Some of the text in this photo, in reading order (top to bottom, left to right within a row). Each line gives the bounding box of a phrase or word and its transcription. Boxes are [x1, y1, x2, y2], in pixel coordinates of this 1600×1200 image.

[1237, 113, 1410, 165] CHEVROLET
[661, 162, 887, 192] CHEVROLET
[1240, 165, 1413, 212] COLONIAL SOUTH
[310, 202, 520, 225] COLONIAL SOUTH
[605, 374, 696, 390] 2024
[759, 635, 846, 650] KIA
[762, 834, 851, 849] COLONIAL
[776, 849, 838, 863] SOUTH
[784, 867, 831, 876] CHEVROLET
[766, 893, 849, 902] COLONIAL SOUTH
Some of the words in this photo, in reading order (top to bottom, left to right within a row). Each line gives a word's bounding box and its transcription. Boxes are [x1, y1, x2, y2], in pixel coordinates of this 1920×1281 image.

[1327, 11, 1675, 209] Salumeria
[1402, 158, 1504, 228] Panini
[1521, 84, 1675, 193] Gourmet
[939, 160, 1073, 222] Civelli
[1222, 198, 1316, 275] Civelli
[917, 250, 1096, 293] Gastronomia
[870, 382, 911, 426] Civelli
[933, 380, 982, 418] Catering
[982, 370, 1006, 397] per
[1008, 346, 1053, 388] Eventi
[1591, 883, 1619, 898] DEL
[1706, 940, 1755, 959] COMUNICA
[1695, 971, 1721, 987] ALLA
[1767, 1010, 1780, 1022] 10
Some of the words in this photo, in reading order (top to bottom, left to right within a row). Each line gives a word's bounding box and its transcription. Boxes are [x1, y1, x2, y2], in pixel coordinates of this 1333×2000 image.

▶ **What is being asked**: Your task is to output the full set of records exactly as presented.

▶ **Task solution**:
Some of the text in this photo, in reading order (top to bottom, left to right within a row). Each line gives the bounding box of a phrase or word and its transcription. Boxes are [x1, y1, x2, y2], in pixel coordinates of this 1600×1200 image.

[1237, 113, 1410, 165] CHEVROLET
[661, 162, 887, 192] CHEVROLET
[1240, 165, 1413, 212] COLONIAL SOUTH
[310, 202, 520, 225] COLONIAL SOUTH
[605, 374, 696, 390] 2024
[759, 635, 846, 650] KIA
[762, 834, 851, 849] COLONIAL
[776, 849, 838, 863] SOUTH
[784, 867, 831, 876] CHEVROLET
[766, 893, 849, 902] COLONIAL SOUTH
Some of the words in this photo, in reading order (top to bottom, left to right within a row). Each line gives a word's bounding box and its transcription. Boxes are [x1, y1, x2, y2], in pixel coordinates of this 1920×1281 image.

[1327, 11, 1675, 209] Salumeria
[1402, 158, 1504, 228] Panini
[1521, 84, 1675, 193] Gourmet
[939, 160, 1073, 222] Civelli
[1222, 198, 1316, 275] Civelli
[917, 250, 1096, 293] Gastronomia
[870, 382, 911, 426] Civelli
[933, 380, 982, 418] Catering
[982, 370, 1006, 397] per
[1008, 346, 1053, 388] Eventi
[1591, 883, 1619, 898] DEL
[1706, 940, 1755, 959] COMUNICA
[1695, 971, 1721, 987] ALLA
[1767, 1010, 1780, 1022] 10
Some of the words in this photo, in reading order (top to bottom, left to right within a row). Each line gives a word's bounding box and its transcription. Boxes are [x1, y1, x2, y2], in pixel coordinates of this 1333×2000 image.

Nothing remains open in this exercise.